Purpose. To allow beginning students to explore the limitations and versatility of letterpress printing as a medium.

Assignment. Design and production of anonymous text-based postcards, mobilizing the authority of type and the expressive capabilities of handset composition. "Wish You Were Here" must appear on every card.

Step 1 - Discuss Precedents. Highlight re-mixing strategies by a range of practitioners: i.e. Marcel Duchamp, John Cage, Marcel Broodthaers, Dieter Roth, Ed Ruscha, Fluxus, DJ Spooky and the Stencilists.

Step 2 - Set Parameters/Set Versos. Limit number of typefaces and ink colors that can be used on a single card. Identify a single phrase to appear on every card (wish/you/were/here). Set and print one standard form for the versos to create continuity across the edition.

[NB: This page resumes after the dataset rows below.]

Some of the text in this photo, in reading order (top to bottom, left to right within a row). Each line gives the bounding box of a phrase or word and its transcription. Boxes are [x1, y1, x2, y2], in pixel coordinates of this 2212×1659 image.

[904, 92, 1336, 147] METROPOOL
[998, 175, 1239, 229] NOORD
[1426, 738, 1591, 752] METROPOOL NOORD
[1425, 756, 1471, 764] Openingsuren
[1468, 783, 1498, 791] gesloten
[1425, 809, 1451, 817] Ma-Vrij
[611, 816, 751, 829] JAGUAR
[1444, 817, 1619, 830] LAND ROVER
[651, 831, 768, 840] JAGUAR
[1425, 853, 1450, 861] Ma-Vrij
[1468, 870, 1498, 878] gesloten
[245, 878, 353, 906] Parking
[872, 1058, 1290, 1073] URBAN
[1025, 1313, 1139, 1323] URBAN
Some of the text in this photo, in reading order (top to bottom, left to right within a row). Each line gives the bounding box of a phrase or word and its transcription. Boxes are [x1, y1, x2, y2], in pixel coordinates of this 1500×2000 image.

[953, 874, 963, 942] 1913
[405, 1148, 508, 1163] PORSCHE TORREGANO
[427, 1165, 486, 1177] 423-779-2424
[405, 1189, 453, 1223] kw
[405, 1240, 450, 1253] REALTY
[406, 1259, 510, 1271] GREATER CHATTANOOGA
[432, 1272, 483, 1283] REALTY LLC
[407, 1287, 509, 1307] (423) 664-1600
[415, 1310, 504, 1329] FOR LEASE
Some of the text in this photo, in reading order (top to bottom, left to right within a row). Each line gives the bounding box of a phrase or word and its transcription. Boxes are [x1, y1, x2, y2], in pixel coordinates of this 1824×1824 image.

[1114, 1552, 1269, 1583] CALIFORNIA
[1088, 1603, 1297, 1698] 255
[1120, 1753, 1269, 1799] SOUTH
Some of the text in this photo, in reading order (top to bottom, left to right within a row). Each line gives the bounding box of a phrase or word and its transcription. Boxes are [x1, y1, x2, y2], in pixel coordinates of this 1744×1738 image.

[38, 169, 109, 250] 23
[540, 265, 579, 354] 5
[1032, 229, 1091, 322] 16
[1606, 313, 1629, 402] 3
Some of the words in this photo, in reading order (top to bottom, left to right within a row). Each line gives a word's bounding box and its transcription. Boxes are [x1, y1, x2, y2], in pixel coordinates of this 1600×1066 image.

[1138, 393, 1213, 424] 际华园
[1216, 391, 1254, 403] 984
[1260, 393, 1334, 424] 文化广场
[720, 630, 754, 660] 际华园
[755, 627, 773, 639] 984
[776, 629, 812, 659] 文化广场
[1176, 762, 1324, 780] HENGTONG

Step 3 - Write + Print Prospectuses. Considering the act of appropriation and translation, participants write text for a prospectus that frames the project's intentions Prospectus may contain practical information about edition size, number of participants, date, site and sources; or it may convey an opaque message - the choice is left to the designer. The copy is then typeset by hand and printed.

Step 4 - Remix! Participants cull a passage from an extant source - literature, song, news media or advertising- then fragment, re-order and repeat it to create fields of visual and semantic interest. The phrase (wish/you/were/here) is looped-in. Contrasts, shifts in size, weight and orientation are deployed. Display type or inverted wooden letters may be locked up and printed as a random ground onto which other carefully composed forms appear.

Step 5 - Send + Receive. Cards are numbered, addressed and sent through the post, yet in the spirit of Duchamp, who destabilized the notion of a consistent edition, the receiver is sent only one from the pool of possible prospectuses. This single printed piece informs the receiver's expectations of the edition as a whole. An understanding of the endeavor itself, therefore, varies depending on who gets whose prospectus. It is a game of chance establishing an intriguing link between maker and reader. This playful act allows for the questioning of authorship/authority and the value placed on standardization. Ultimately, each participant plays with the notion of "here" (if I'm here, are you, in turn, there?) and the time delay implicit in the sending of a postcard.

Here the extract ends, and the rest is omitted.